If at the end of the last century the title of the largest lobster in the world went to a 12-kilogram Englishman, today the American sea creature has managed to “outdo” it almost twice. True, this large lobster managed to live in the zoo for only a couple of days.
Fishermen around the world often manage to get from the depths of the sea not ordinary fish and its other inhabitants, but unique “monsters”, the weight of which exceeds all possible limits. It is they who periodically announce to the public the appearance of the largest representatives of certain types of underwater inhabitants.

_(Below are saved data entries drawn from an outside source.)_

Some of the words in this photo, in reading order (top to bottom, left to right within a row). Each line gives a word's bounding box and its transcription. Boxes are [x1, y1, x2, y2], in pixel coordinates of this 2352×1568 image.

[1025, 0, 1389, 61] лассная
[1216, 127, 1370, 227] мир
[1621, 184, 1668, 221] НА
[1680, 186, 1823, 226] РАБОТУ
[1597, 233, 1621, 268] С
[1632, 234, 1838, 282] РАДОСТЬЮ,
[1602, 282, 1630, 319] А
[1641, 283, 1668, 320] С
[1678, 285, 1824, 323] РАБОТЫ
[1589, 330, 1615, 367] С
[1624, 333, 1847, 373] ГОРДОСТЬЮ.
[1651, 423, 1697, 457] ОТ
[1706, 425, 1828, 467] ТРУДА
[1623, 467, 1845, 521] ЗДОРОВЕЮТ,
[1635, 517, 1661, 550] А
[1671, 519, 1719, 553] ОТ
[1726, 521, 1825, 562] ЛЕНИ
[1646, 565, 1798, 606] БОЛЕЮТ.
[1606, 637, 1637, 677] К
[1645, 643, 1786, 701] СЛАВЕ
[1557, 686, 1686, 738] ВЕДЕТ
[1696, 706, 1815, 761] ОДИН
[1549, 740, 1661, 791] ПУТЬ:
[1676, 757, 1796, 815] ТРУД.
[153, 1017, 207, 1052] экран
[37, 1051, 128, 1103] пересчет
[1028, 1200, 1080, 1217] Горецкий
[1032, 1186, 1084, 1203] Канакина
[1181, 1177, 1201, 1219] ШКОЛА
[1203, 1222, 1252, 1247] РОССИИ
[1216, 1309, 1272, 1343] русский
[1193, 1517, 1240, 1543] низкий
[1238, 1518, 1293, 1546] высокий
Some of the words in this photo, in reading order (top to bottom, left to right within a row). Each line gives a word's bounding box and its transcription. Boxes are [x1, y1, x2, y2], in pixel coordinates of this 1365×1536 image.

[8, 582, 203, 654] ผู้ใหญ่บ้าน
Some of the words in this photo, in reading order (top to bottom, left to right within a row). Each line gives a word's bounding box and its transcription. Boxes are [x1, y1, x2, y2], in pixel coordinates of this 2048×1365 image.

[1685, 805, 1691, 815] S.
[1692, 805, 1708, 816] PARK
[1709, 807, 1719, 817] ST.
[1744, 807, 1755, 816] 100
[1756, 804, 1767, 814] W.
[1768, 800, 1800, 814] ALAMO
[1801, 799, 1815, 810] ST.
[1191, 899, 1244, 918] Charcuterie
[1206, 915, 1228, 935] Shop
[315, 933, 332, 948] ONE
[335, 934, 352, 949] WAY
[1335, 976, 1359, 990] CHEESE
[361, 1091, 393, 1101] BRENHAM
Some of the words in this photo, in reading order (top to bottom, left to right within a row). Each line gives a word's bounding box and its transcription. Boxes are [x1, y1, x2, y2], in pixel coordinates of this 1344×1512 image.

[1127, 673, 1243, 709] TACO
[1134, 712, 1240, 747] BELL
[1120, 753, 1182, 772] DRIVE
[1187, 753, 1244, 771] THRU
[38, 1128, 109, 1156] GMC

If a couple of decades ago the title of “largest lobster” belonged to a lobster from England, whose weight was 12 kilograms, today it has passed to the American giant. The lobster was caught this winter. The fishermen, amazed by its size and weight, which was approximately 17 kilograms, took the find to the nearest market. There were no people willing to buy the giant, but the lobster became a real landmark of the city of Pittsburgh; crowds of curious citizens came to look at it.
Interestingly, the lobster even got a name. They named him Bubba. He lived with fishmongers for a couple of months, after which representatives of the Society for the Humane Treatment of Animals began to demand that the record holder be returned to sea water. But not only members of this organization became interested in Bubba. One of the famous American restaurants, offering its guests the most unique delicacies, offered the seller a tidy sum for a lobster. But the giant’s owner did not agree to any of the proposals and gave the lobster to the zoo.
True, this decision turned out to be fatal for Bubba. He could not survive in a special quarantine aquarium for more than a couple of days. Experts note that the whole point is in the special composition of the water, which has become unusual and destructive for the lobster.
Until now, scientists cannot come to a consensus on how old Bubba was. Considering its impressive weight and the fact that lobsters usually weigh 500 grams at 5-6 years, then this underwater inhabitant probably managed to live a whole century. Although, if the lobster was just lucky, and it ate nourishingly and plentifully all its life, then it could easily reach such an impressive weight in 40 years.
In general, this is not the first time in history that giant lobsters have died while trying to transport them to a zoo or a themed museum. The thing is that these marine inhabitants are very sensitive to the conditions around them. They may die due to a slightly increased amount of salt in the water, due to a minimal change in its temperature and other similar factors. Therefore, it is so important that before moving a lobster to a new place, you should prepare the aquarium with special care, observing all the conditions necessary for the existence of a representative of crustaceans.
Now we can wait for a new giant lobster that will be able to break the weight records set by its predecessors.
Despite the fact that the largest lobster in the world recently died in a zoo from unsuitable water in an aquarium, everyone can see this record holder in photographs that are now available in large quantities on the Internet.